### Raw data
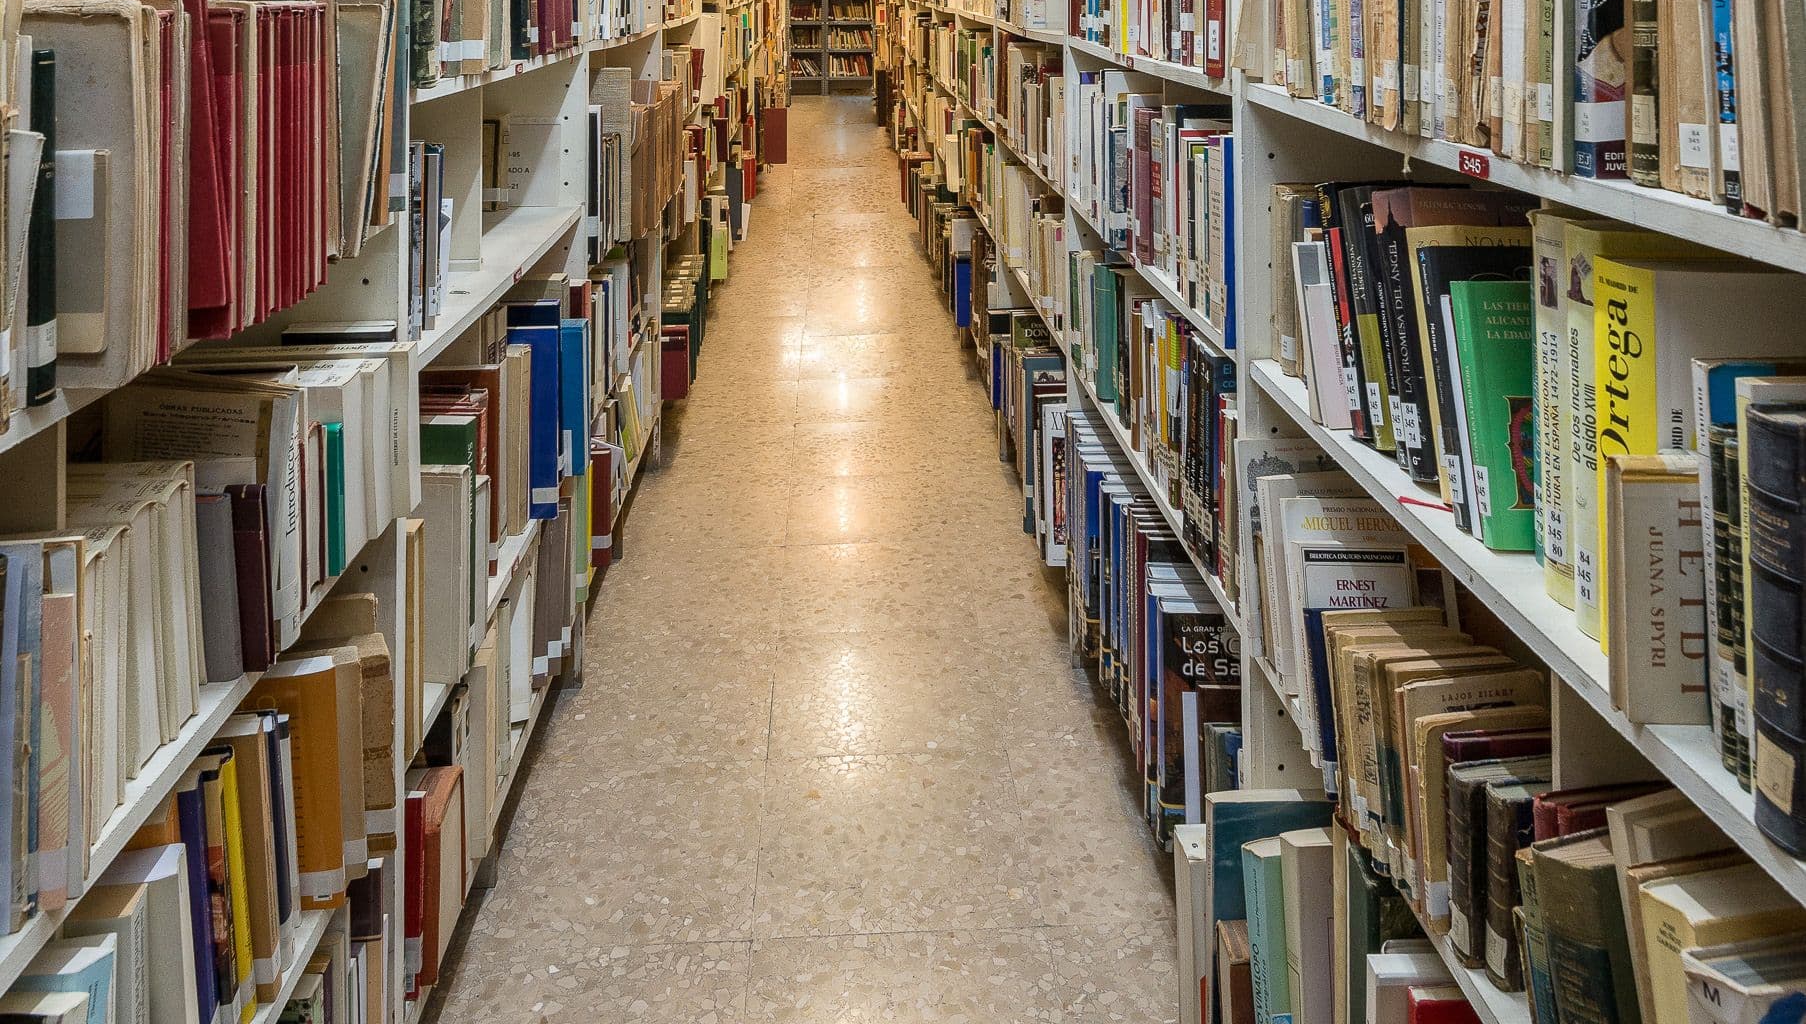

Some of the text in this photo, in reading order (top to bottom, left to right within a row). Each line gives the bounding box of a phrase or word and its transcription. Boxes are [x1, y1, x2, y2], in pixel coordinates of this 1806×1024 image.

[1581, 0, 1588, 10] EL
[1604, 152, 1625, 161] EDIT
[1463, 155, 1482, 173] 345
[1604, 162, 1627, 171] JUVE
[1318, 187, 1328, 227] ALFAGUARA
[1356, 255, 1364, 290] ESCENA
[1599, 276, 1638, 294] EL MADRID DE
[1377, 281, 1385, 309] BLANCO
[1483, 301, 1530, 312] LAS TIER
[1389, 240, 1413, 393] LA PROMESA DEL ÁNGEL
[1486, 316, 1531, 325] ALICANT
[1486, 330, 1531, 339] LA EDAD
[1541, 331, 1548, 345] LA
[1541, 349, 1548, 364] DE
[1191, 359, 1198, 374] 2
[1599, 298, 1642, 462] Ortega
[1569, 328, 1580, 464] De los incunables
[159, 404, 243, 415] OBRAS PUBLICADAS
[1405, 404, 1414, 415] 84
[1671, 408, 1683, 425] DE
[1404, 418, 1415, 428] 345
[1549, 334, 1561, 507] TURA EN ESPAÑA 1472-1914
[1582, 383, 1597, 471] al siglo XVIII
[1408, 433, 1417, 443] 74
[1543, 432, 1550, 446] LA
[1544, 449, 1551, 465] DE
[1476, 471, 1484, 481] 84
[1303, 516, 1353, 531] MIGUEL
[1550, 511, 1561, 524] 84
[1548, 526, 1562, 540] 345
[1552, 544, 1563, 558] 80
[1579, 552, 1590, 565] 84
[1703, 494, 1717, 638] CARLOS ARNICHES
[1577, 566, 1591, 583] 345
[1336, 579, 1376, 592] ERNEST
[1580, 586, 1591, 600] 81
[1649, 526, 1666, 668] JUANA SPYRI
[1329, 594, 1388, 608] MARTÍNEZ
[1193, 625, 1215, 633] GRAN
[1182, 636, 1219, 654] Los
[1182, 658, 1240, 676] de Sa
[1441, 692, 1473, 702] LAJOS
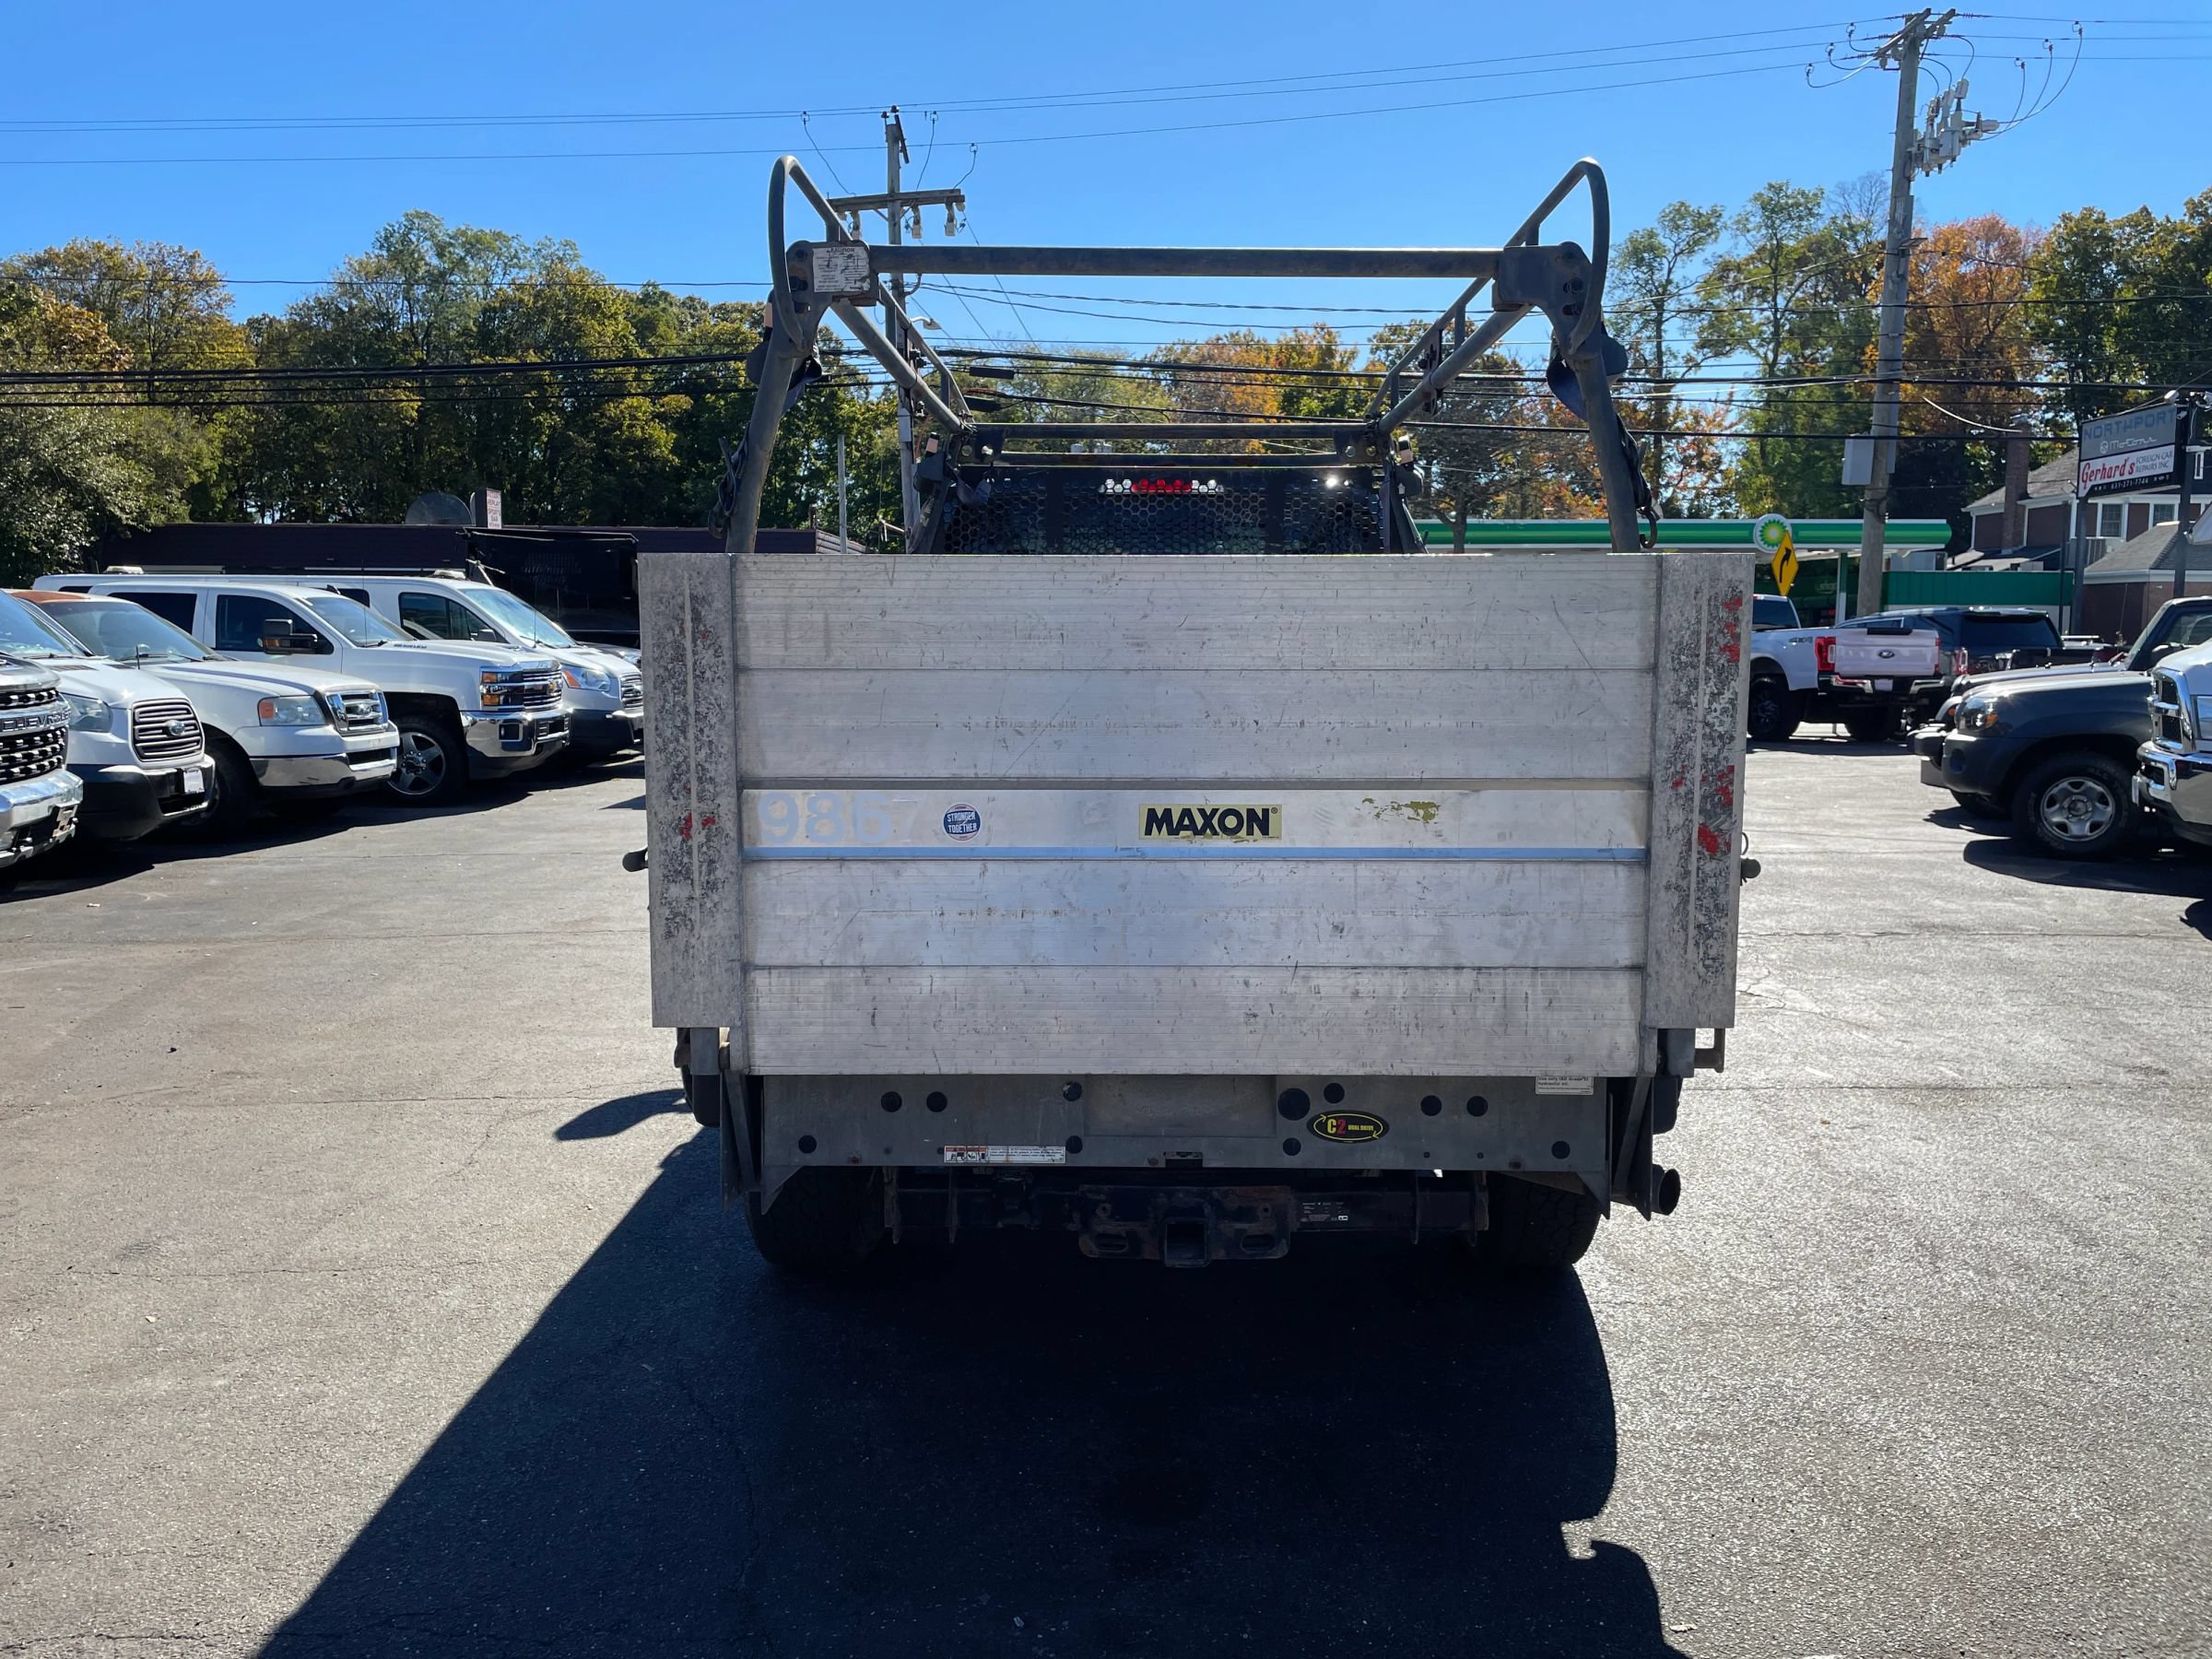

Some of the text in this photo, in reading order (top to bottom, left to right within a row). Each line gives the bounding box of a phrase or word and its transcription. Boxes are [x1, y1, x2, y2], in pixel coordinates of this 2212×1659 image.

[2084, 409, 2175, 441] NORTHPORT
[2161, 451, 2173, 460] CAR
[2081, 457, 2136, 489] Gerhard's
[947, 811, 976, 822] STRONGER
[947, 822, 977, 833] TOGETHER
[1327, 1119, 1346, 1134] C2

### What is being asked
Please print each of the records word for word, keeping the pictures out.

### Response to the exercise
Some of the text in this photo, in reading order (top to bottom, left to right within a row). Each line gives the bounding box of a phrase or word and its transcription. Boxes are [x1, y1, x2, y2], in pixel coordinates of this 1806×1024 image.

[1581, 0, 1588, 10] EL
[1604, 152, 1625, 161] EDIT
[1463, 155, 1482, 173] 345
[1604, 162, 1627, 171] JUVE
[1318, 187, 1328, 227] ALFAGUARA
[1356, 255, 1364, 290] ESCENA
[1599, 276, 1638, 294] EL MADRID DE
[1377, 281, 1385, 309] BLANCO
[1483, 301, 1530, 312] LAS TIER
[1389, 240, 1413, 393] LA PROMESA DEL ÁNGEL
[1486, 316, 1531, 325] ALICANT
[1486, 330, 1531, 339] LA EDAD
[1541, 331, 1548, 345] LA
[1541, 349, 1548, 364] DE
[1191, 359, 1198, 374] 2
[1599, 298, 1642, 462] Ortega
[1569, 328, 1580, 464] De los incunables
[159, 404, 243, 415] OBRAS PUBLICADAS
[1405, 404, 1414, 415] 84
[1671, 408, 1683, 425] DE
[1404, 418, 1415, 428] 345
[1549, 334, 1561, 507] TURA EN ESPAÑA 1472-1914
[1582, 383, 1597, 471] al siglo XVIII
[1408, 433, 1417, 443] 74
[1543, 432, 1550, 446] LA
[1544, 449, 1551, 465] DE
[1476, 471, 1484, 481] 84
[1303, 516, 1353, 531] MIGUEL
[1550, 511, 1561, 524] 84
[1548, 526, 1562, 540] 345
[1552, 544, 1563, 558] 80
[1579, 552, 1590, 565] 84
[1703, 494, 1717, 638] CARLOS ARNICHES
[1577, 566, 1591, 583] 345
[1336, 579, 1376, 592] ERNEST
[1580, 586, 1591, 600] 81
[1649, 526, 1666, 668] JUANA SPYRI
[1329, 594, 1388, 608] MARTÍNEZ
[1193, 625, 1215, 633] GRAN
[1182, 636, 1219, 654] Los
[1182, 658, 1240, 676] de Sa
[1441, 692, 1473, 702] LAJOS

Some of the text in this photo, in reading order (top to bottom, left to right within a row). Each line gives the bounding box of a phrase or word and its transcription. Boxes are [x1, y1, x2, y2], in pixel coordinates of this 2212×1659 image.

[2084, 409, 2175, 441] NORTHPORT
[2161, 451, 2173, 460] CAR
[2081, 457, 2136, 489] Gerhard's
[947, 811, 976, 822] STRONGER
[947, 822, 977, 833] TOGETHER
[1327, 1119, 1346, 1134] C2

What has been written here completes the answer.